──────── EXTRACTED ENTRIES ────────
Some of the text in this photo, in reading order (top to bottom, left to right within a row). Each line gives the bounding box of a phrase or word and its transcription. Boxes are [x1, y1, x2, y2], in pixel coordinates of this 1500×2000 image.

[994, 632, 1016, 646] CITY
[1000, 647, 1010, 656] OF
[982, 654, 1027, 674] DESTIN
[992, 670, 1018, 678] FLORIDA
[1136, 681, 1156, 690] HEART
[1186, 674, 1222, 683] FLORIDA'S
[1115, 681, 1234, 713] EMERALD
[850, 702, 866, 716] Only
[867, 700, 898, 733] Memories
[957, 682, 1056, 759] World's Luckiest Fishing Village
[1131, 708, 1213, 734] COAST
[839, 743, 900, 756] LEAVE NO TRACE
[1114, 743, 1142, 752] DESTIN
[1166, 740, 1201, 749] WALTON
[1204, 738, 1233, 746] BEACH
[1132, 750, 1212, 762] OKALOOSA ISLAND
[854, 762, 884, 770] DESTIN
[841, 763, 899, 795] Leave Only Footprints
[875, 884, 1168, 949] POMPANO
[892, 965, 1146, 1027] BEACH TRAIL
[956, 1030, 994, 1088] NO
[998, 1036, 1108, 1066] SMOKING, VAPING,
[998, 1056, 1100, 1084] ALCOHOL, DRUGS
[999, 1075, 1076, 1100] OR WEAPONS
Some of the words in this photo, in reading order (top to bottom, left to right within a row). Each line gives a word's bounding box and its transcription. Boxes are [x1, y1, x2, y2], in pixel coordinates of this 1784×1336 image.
────────
#### WHAT YOU ARE ASKED TO DO:
All entries must be repeated verbatim.

#### ANSWER TO THIS EXERCISE:
Some of the text in this photo, in reading order (top to bottom, left to right within a row). Each line gives the bounding box of a phrase or word and its transcription. Boxes are [x1, y1, x2, y2], in pixel coordinates of this 1500×2000 image.

[994, 632, 1016, 646] CITY
[1000, 647, 1010, 656] OF
[982, 654, 1027, 674] DESTIN
[992, 670, 1018, 678] FLORIDA
[1136, 681, 1156, 690] HEART
[1186, 674, 1222, 683] FLORIDA'S
[1115, 681, 1234, 713] EMERALD
[850, 702, 866, 716] Only
[867, 700, 898, 733] Memories
[957, 682, 1056, 759] World's Luckiest Fishing Village
[1131, 708, 1213, 734] COAST
[839, 743, 900, 756] LEAVE NO TRACE
[1114, 743, 1142, 752] DESTIN
[1166, 740, 1201, 749] WALTON
[1204, 738, 1233, 746] BEACH
[1132, 750, 1212, 762] OKALOOSA ISLAND
[854, 762, 884, 770] DESTIN
[841, 763, 899, 795] Leave Only Footprints
[875, 884, 1168, 949] POMPANO
[892, 965, 1146, 1027] BEACH TRAIL
[956, 1030, 994, 1088] NO
[998, 1036, 1108, 1066] SMOKING, VAPING,
[998, 1056, 1100, 1084] ALCOHOL, DRUGS
[999, 1075, 1076, 1100] OR WEAPONS
Some of the words in this photo, in reading order (top to bottom, left to right within a row). Each line gives a word's bounding box and its transcription. Boxes are [x1, y1, x2, y2], in pixel coordinates of this 1784×1336 image.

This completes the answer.